Abstract

Background: The etiology of stroke remains unknown over 25% of cases. Stroke with Large Vessel Occlusion (LVO) treated with endovascular treatment (EVT) and complete recanalization are a good group to analyze efficiency of diagnosis studies. After hospitalization the percentage and clinical impact of hidden atrial fibrillation (AF) diagnosis in embolic strokes of unknown source are uncertain. Methods: We reviewed patients treated with EVT from 2010 to 2016. We evaluated percentage of cases with new clinical diagnosis of atrial fibrillation during long-term follow-up in several etiologic subgroups. We analyze several epidemiologic variables, functional recovery and other relevant pathologies. Results: A total of 514 patients with complete cardiac diagnosis tests treated with EVT were analyzed over 3,9 years of follow-up. The etiology of stroke was unknown in 123 patients (23,9%). During follow-up were diagnosed 8% of patients with new atrial fibrillation/flutter in unknown etiology subgroup (3% in atherothrombotic and none in unusual subgroup). Half of them presented minor cardiologic symptoms but none of them had presented a new stroke. Variables significant associated to new finding of AF were >6 supraventricular extrasystoles or tachycardia in 24Holter test and severe auricular dilatation evaluated by means echocardiography during hospitalization (p:0.004).
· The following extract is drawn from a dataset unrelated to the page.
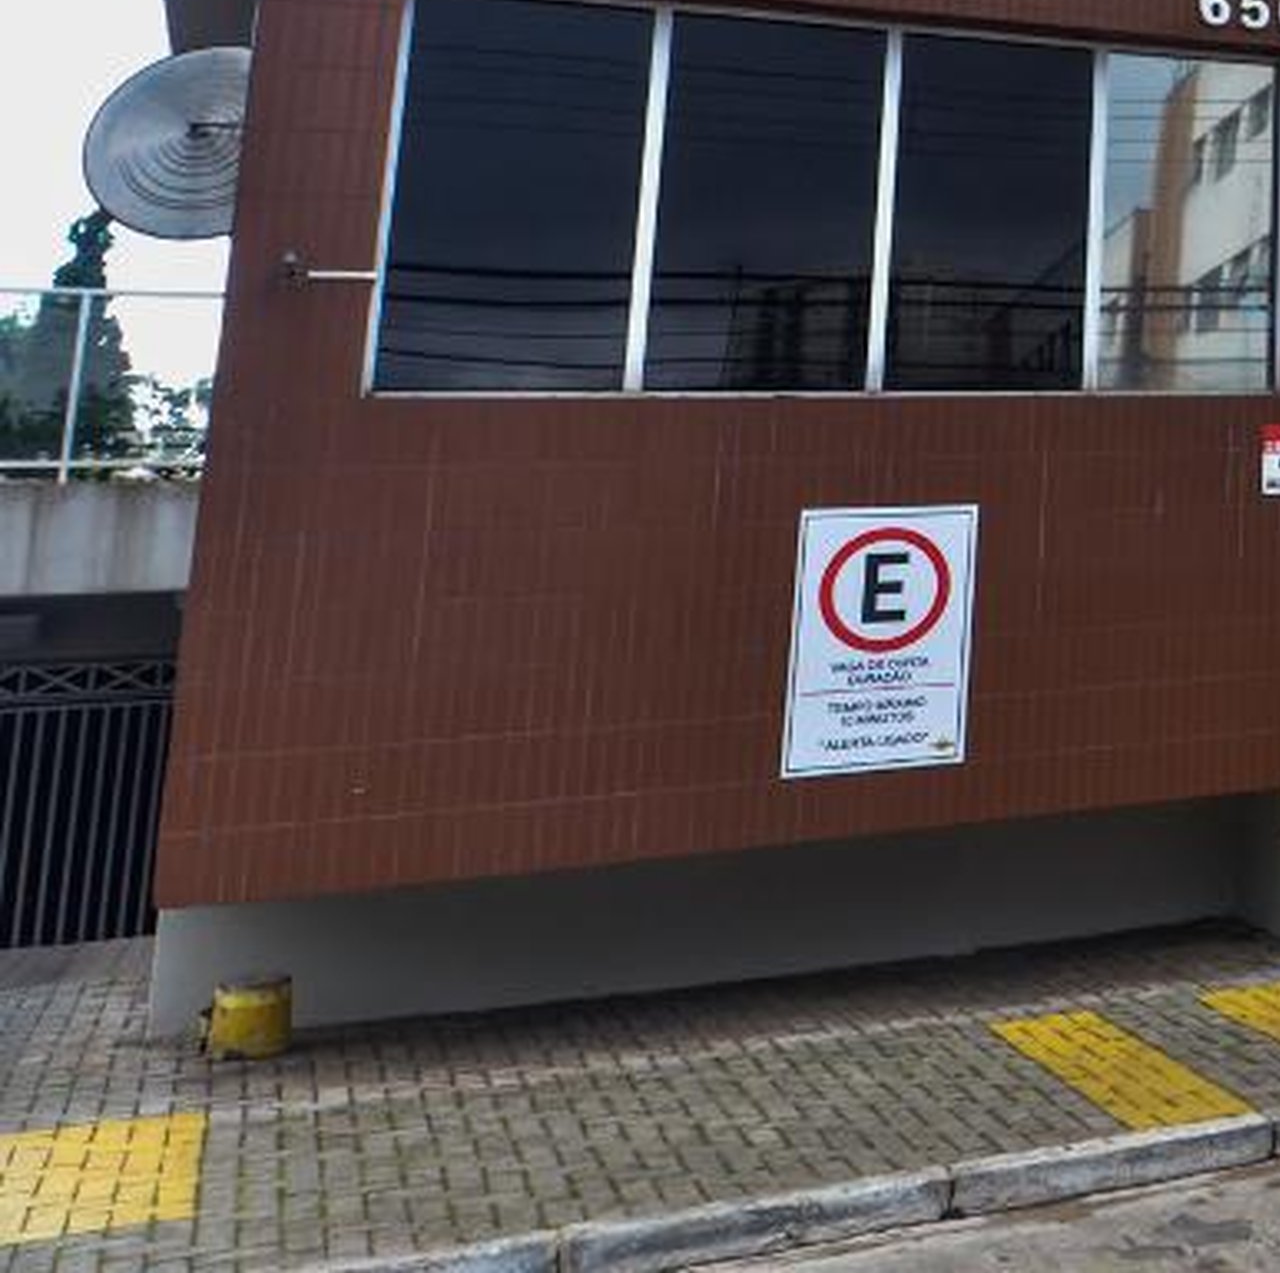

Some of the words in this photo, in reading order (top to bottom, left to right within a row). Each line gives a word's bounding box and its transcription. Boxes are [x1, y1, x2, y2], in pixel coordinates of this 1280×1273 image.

[861, 552, 910, 624] E
[867, 658, 885, 670] DE
[827, 699, 872, 713] TEMPO
Only 2% patients were studied with long-term heart rhythm recorder. Other new diagnoses in follow-up of EVT were malignant neoplasm (7%) and delayed seizures (6%). Conclusions: The findings of atrial fibrillation in follow-up of patients treated with EVT with complete cardiac diagnosis tests are infrequent. The recurrence of stroke seems rare in follow-up, however we must select patients for catch atrial fibrillation by means long-term heart recorder systems according to signs of auricular impairment.